From the data below, repeat everything exactly except the images.
┏━━
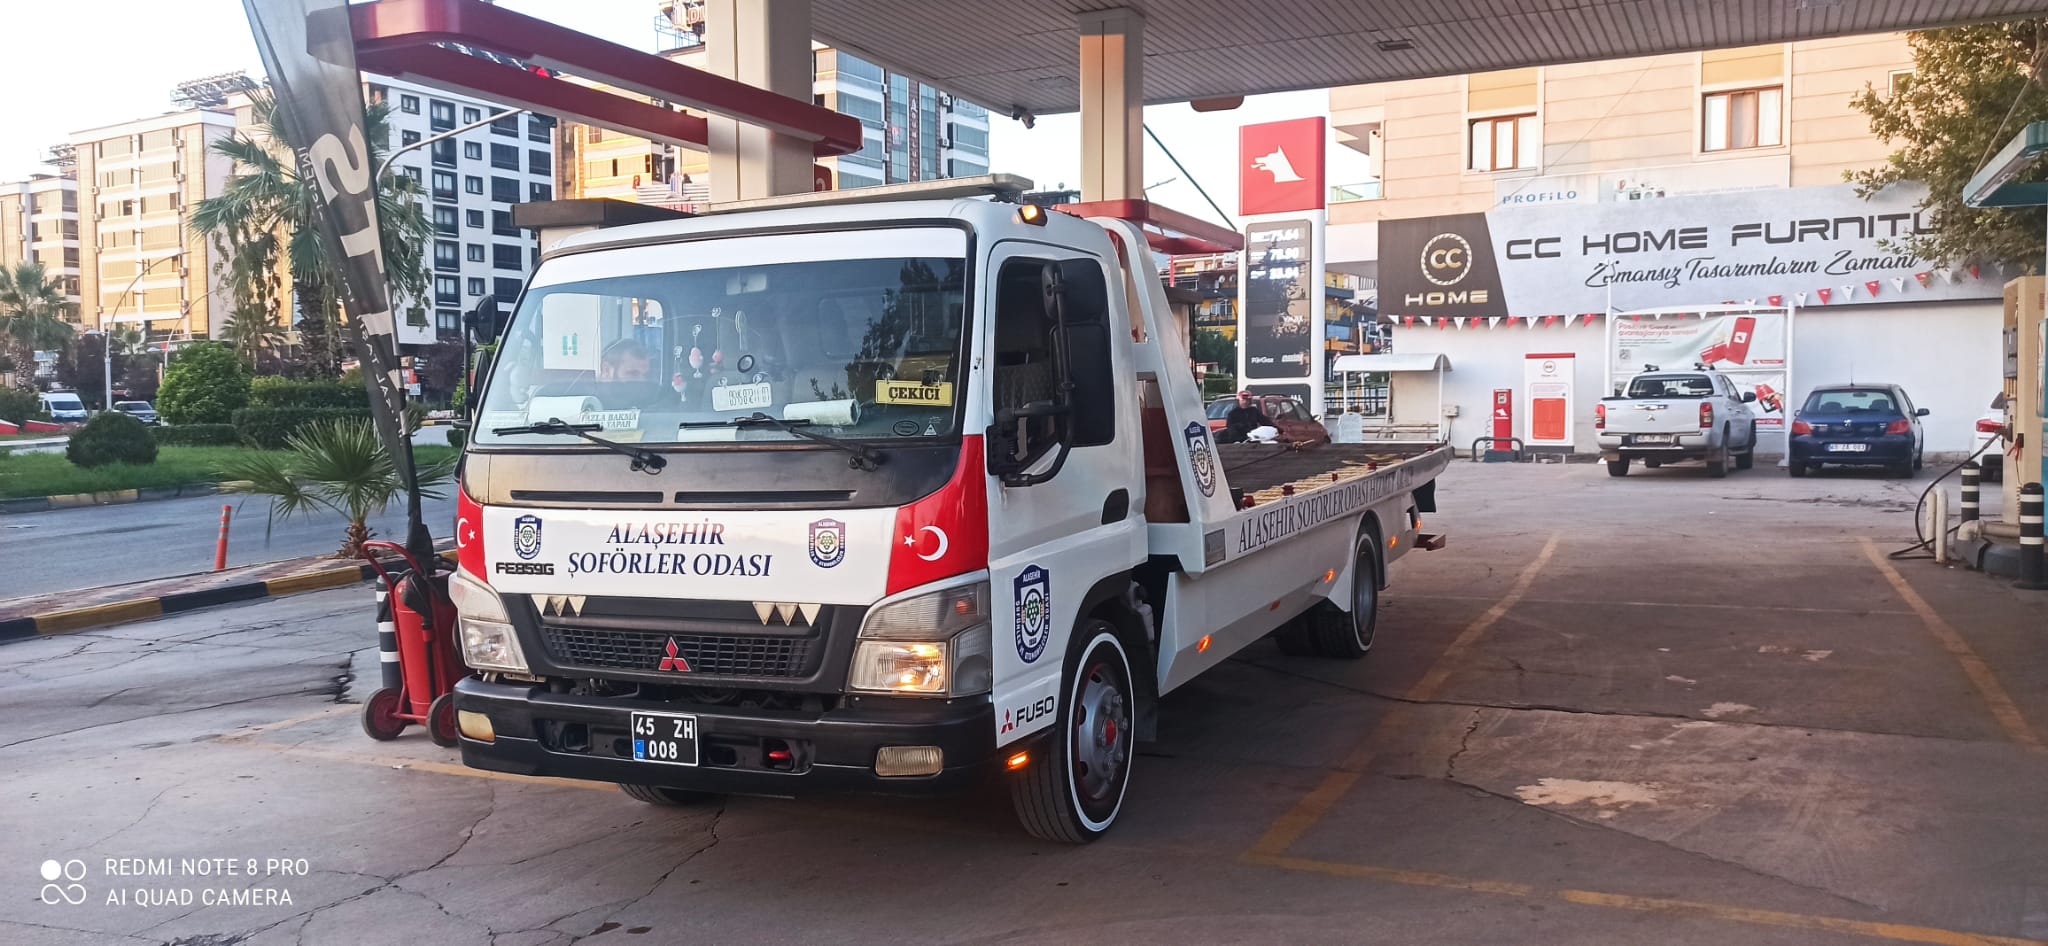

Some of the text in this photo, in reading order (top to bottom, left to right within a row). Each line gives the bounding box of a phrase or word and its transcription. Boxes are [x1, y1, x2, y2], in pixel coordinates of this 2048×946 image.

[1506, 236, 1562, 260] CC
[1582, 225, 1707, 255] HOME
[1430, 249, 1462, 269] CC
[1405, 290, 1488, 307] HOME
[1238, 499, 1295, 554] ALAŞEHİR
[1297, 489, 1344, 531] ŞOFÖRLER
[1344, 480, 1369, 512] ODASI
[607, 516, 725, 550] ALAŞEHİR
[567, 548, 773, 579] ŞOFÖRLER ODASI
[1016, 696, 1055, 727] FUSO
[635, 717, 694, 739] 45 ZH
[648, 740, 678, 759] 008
┗━━
:: Written solution ::
Some of the text in this photo, in reading order (top to bottom, left to right within a row). Each line gives the bounding box of a phrase or word and its transcription. Boxes are [x1, y1, x2, y2], in pixel coordinates of this 2048×946 image.

[1506, 236, 1562, 260] CC
[1582, 225, 1707, 255] HOME
[1430, 249, 1462, 269] CC
[1405, 290, 1488, 307] HOME
[1238, 499, 1295, 554] ALAŞEHİR
[1297, 489, 1344, 531] ŞOFÖRLER
[1344, 480, 1369, 512] ODASI
[607, 516, 725, 550] ALAŞEHİR
[567, 548, 773, 579] ŞOFÖRLER ODASI
[1016, 696, 1055, 727] FUSO
[635, 717, 694, 739] 45 ZH
[648, 740, 678, 759] 008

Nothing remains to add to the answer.